Have a soft spot in your heart for animals? Love unexpected and mesmerizing nature photographs? If so, this coffee table book is for you.

This book features the best of the best: a sampling of fifty years of winners from the Wildlife Photographer of the Year contest as well as an essay describing and presenting the history of the art.

It also includes some early nature photography, photographs that inspired later nature artists including Ansel Adams' 1941 photo "Snake River, the Tetons" with its magnificent play of light and shadows, curvilinear boulders and twin mountain peaks. Another great find is Eric Hosking's 1938 weirdly titled "The Tawny Owl that Robbed Me of an Eye" which turns out to a true story.  Be careful while taking pictures of owls!

Which photos in this collection wowed me? Here are a few: Frans Landing's study in tawny and blue "Impalas in Unison." This shows a line of impalas drinking along a river and their shadows perfectly captured in counterpoint. "Attractive Pickings" by Fritz Polking captures a small tussock-bird stretching toward the mouth of a huge elephant seal in the Faroes.

Frans Lanting's "Emperors at Sunset" shows earth's largest penquins in such a golden glow that the blowing snow looks more like sand and the frozen sea, like an extensive beach.

Many photos are incredibly dynamic. In "White Wolf Leaping," Jim Brandenberg zooms in at the very moment an arctic wolf floats in mid-air just before landing on an ice floe.

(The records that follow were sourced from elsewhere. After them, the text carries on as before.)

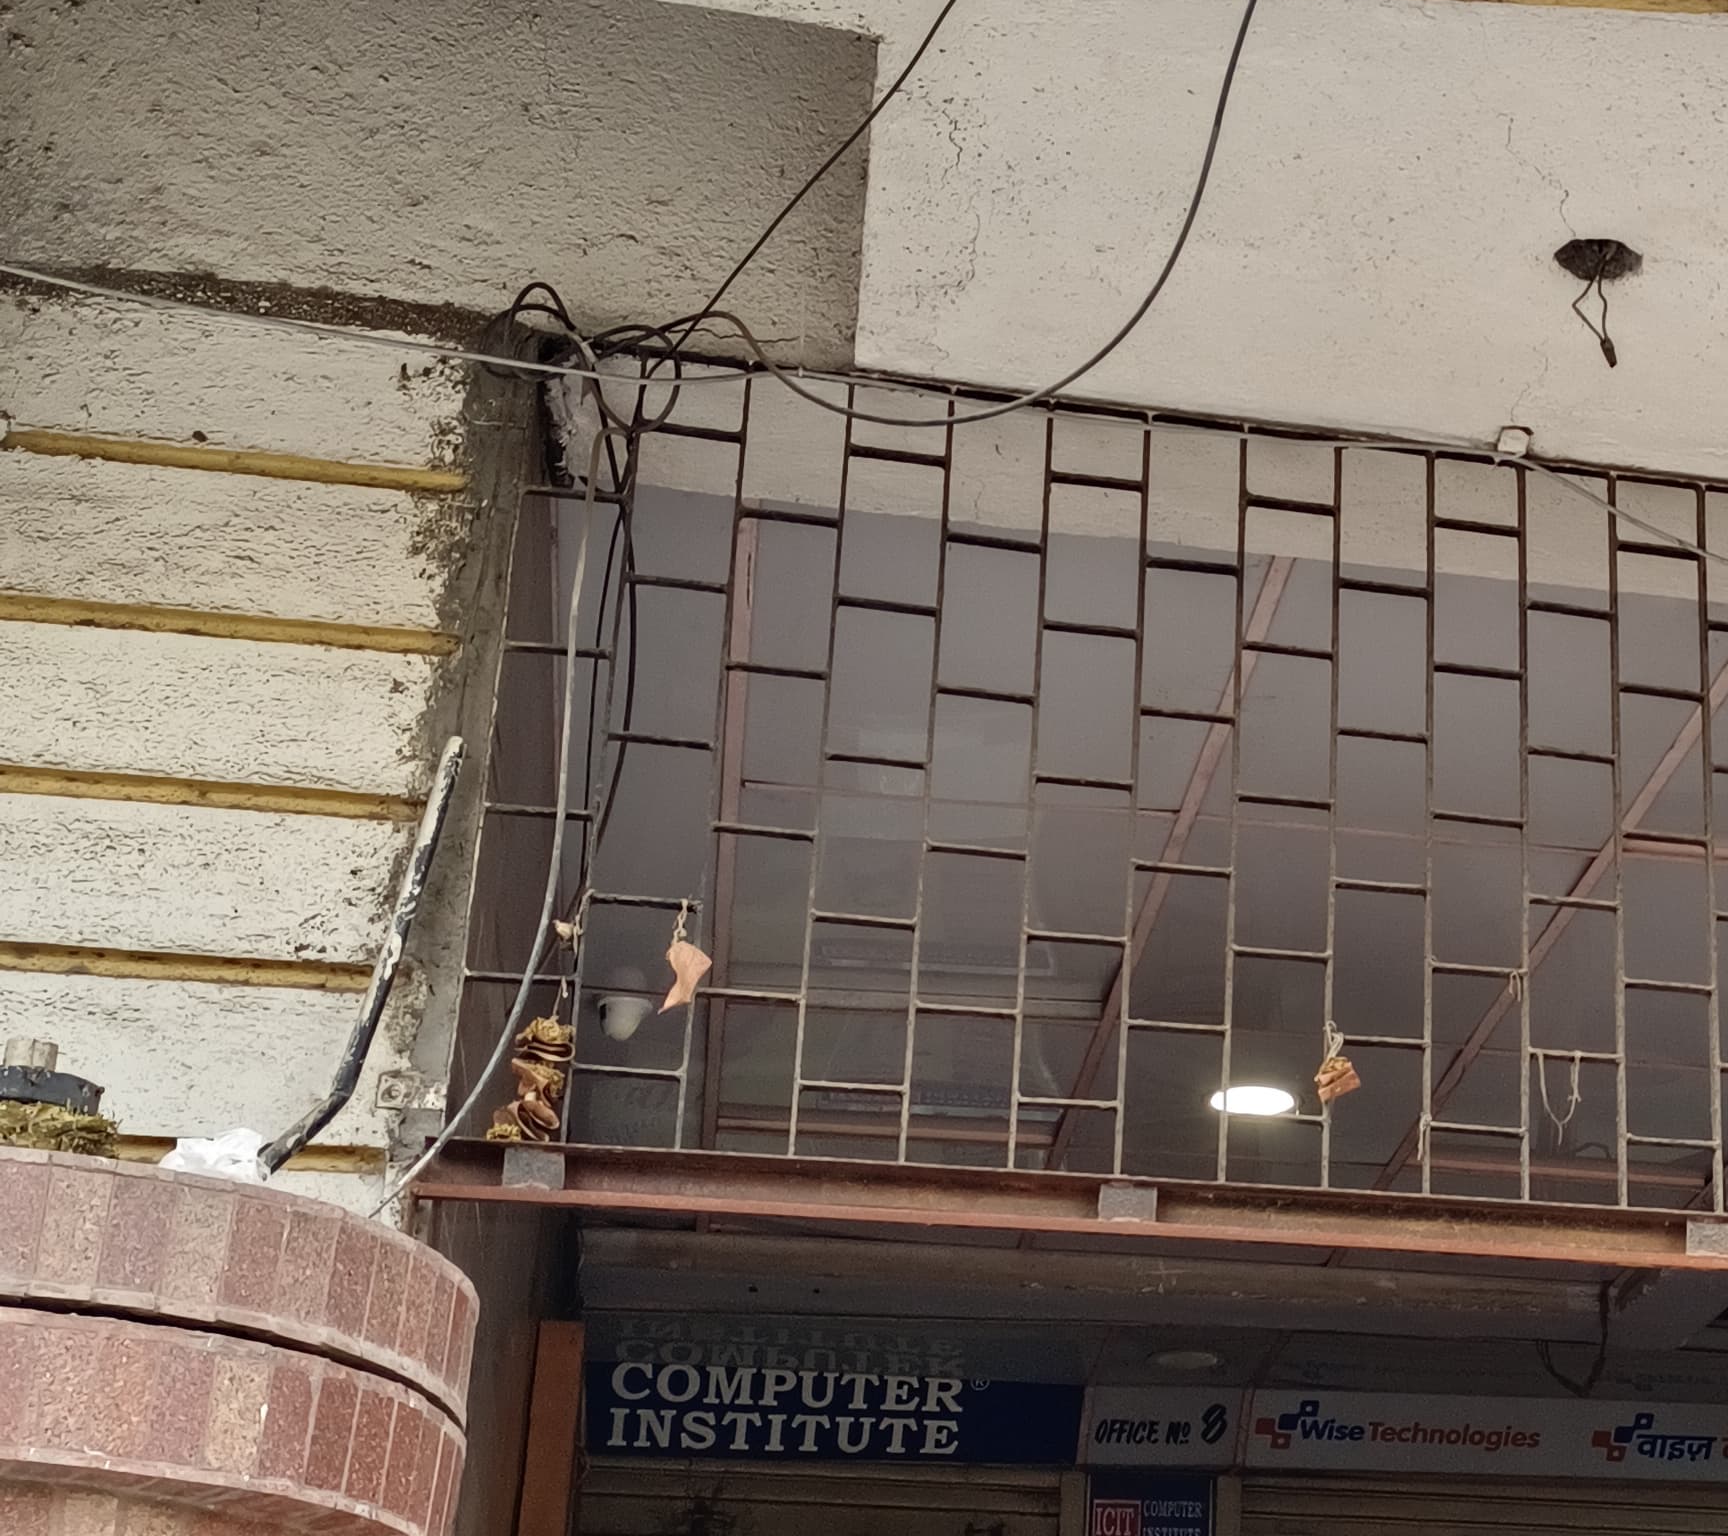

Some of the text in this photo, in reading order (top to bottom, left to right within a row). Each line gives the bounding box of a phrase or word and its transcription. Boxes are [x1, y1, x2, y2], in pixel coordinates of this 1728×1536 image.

[605, 1406, 961, 1456] INSTITUTE
[1094, 1419, 1160, 1446] OFFICE
[1200, 1403, 1228, 1446] 8
[1299, 1418, 1541, 1451] Wise Technologies
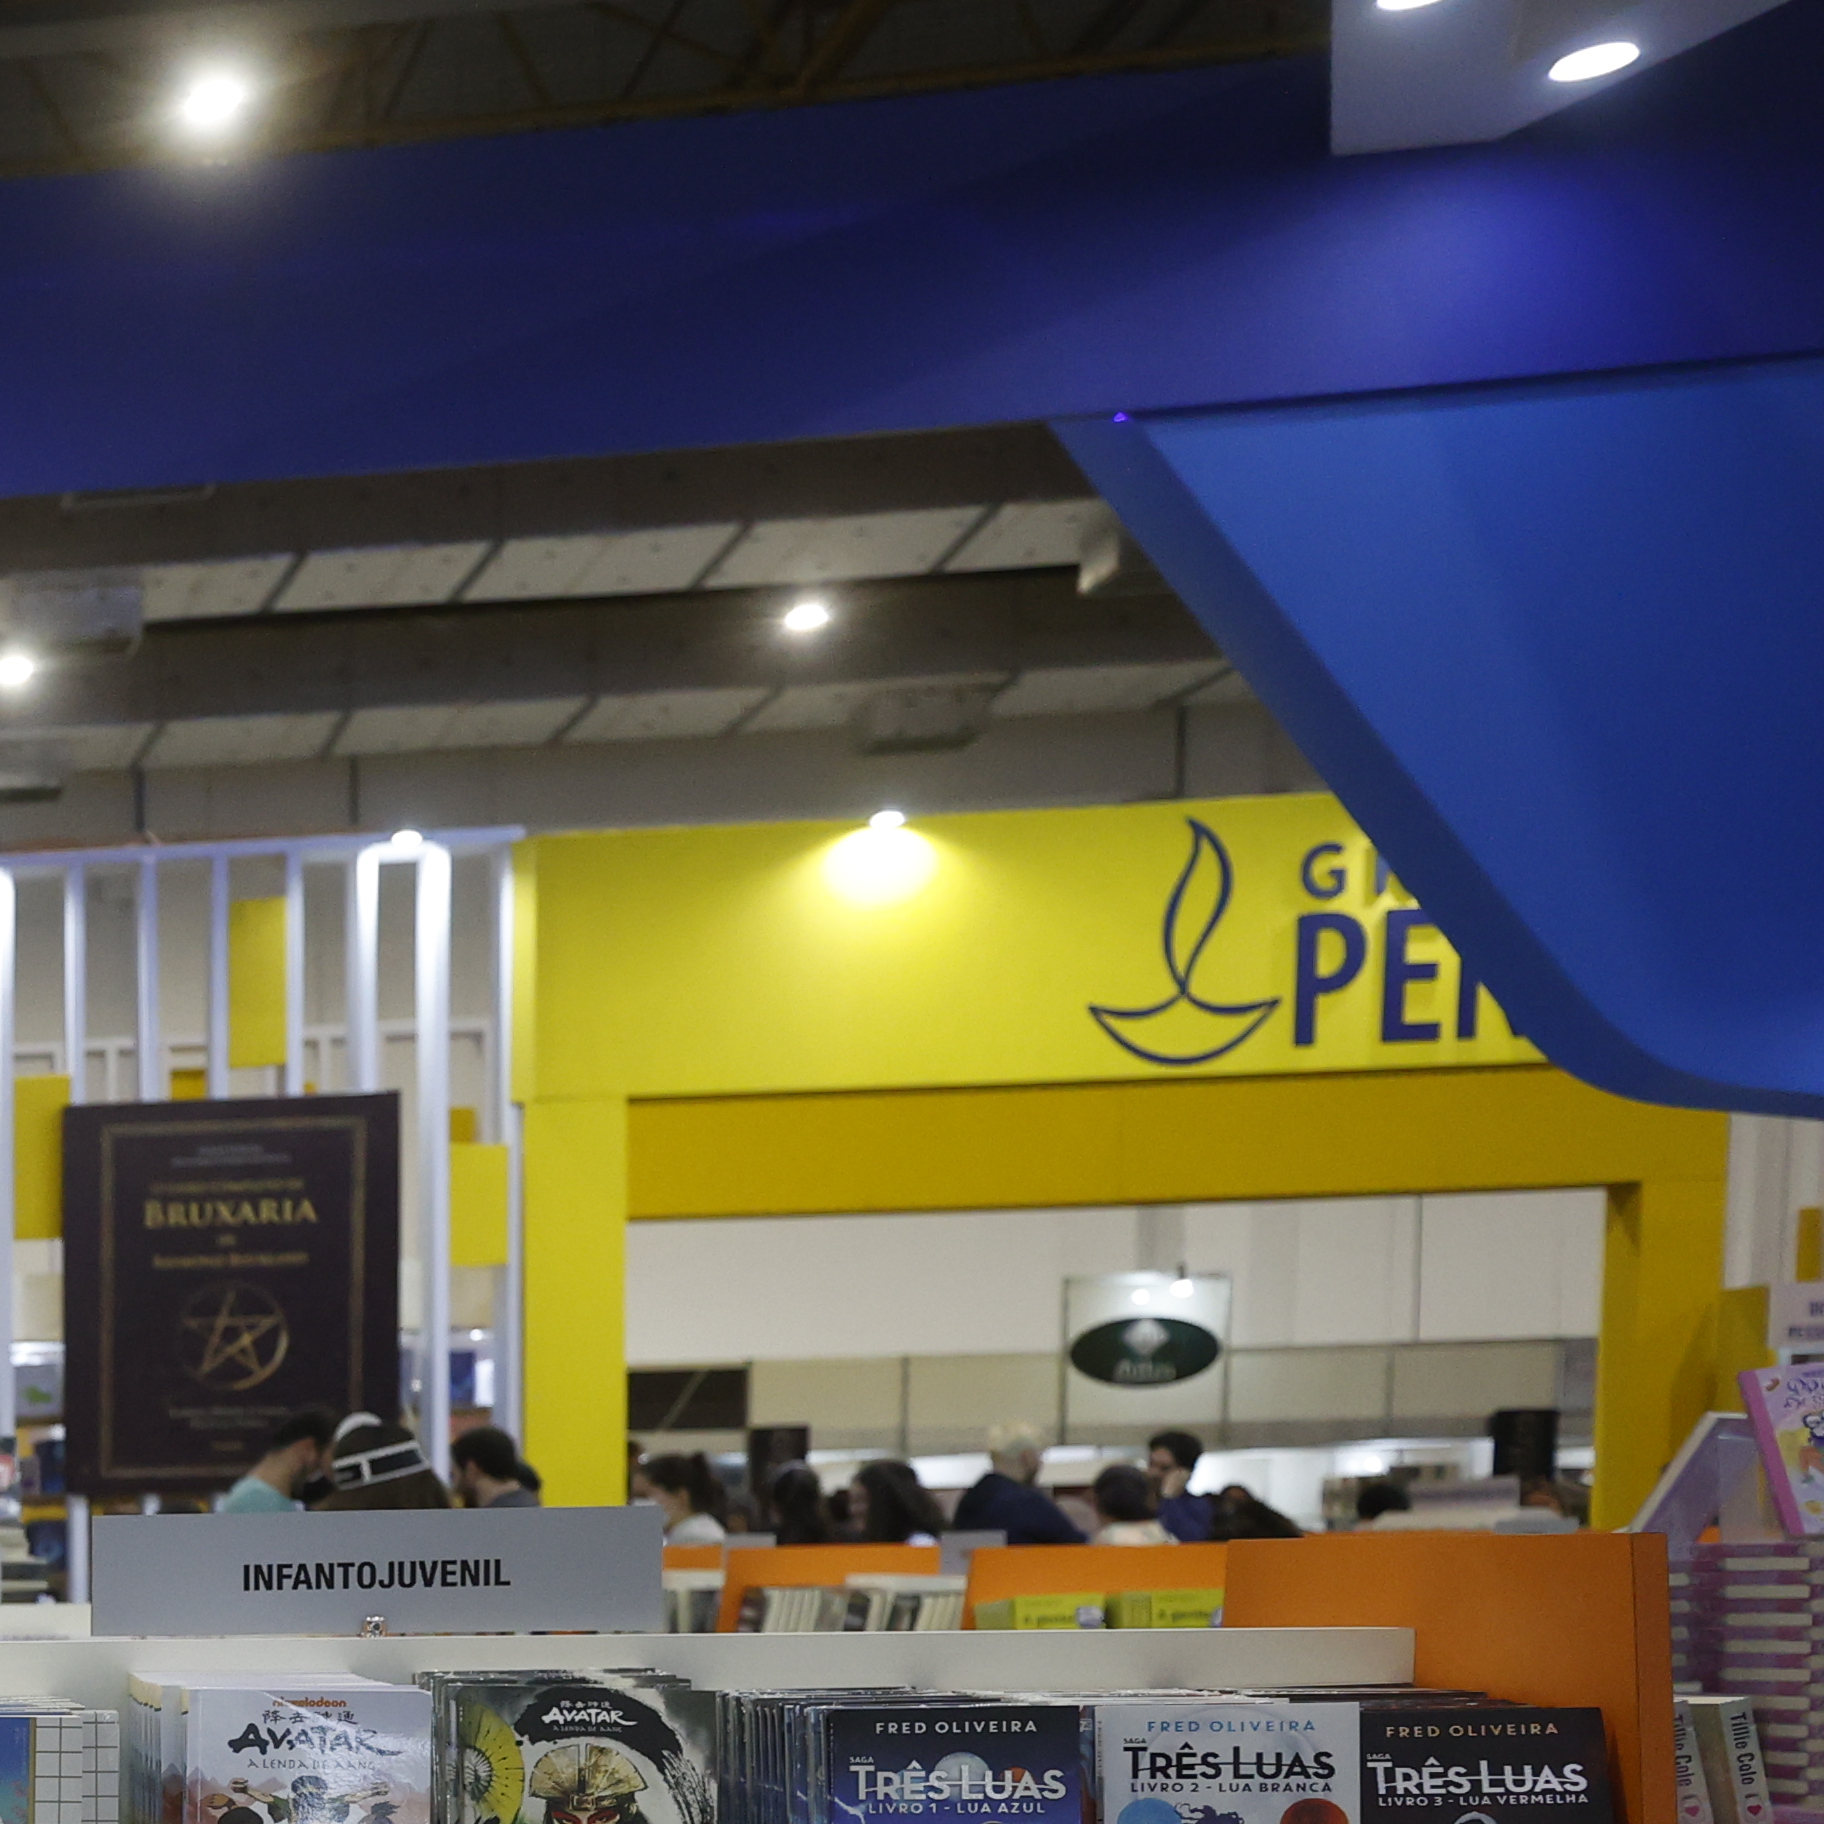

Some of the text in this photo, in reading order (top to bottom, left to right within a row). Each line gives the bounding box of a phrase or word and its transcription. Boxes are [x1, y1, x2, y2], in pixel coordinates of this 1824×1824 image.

But all is not sweetness and life. In "Relative Values," Karl Amman shoots what could be an everyday domestic scene in West Africa, a bunch of yellowing bananas placed next to a gorilla's chopped-off head in a bowl. Surrounded by beautiful pictures of wild and free animals, this photograph is particularly shocking. It won the award for 1995.

Also, included are many photos of elephants, fish, sea mammals, big cats, insects, and even some pictures that are nature scenes only such as Olivier Grunewald's striking volcanic scene "The Depths of Danakill" alongside David Woodfall's study in golds, yellows, and browns titled "Glorious Mud."

For this book words fall absolutely flat, so you must see it with your eyes. Many of these creatures you will never watch in the flesh, but these award winning photographs have captured them so well, you feel as though you have seen these extraordianry creatures in person.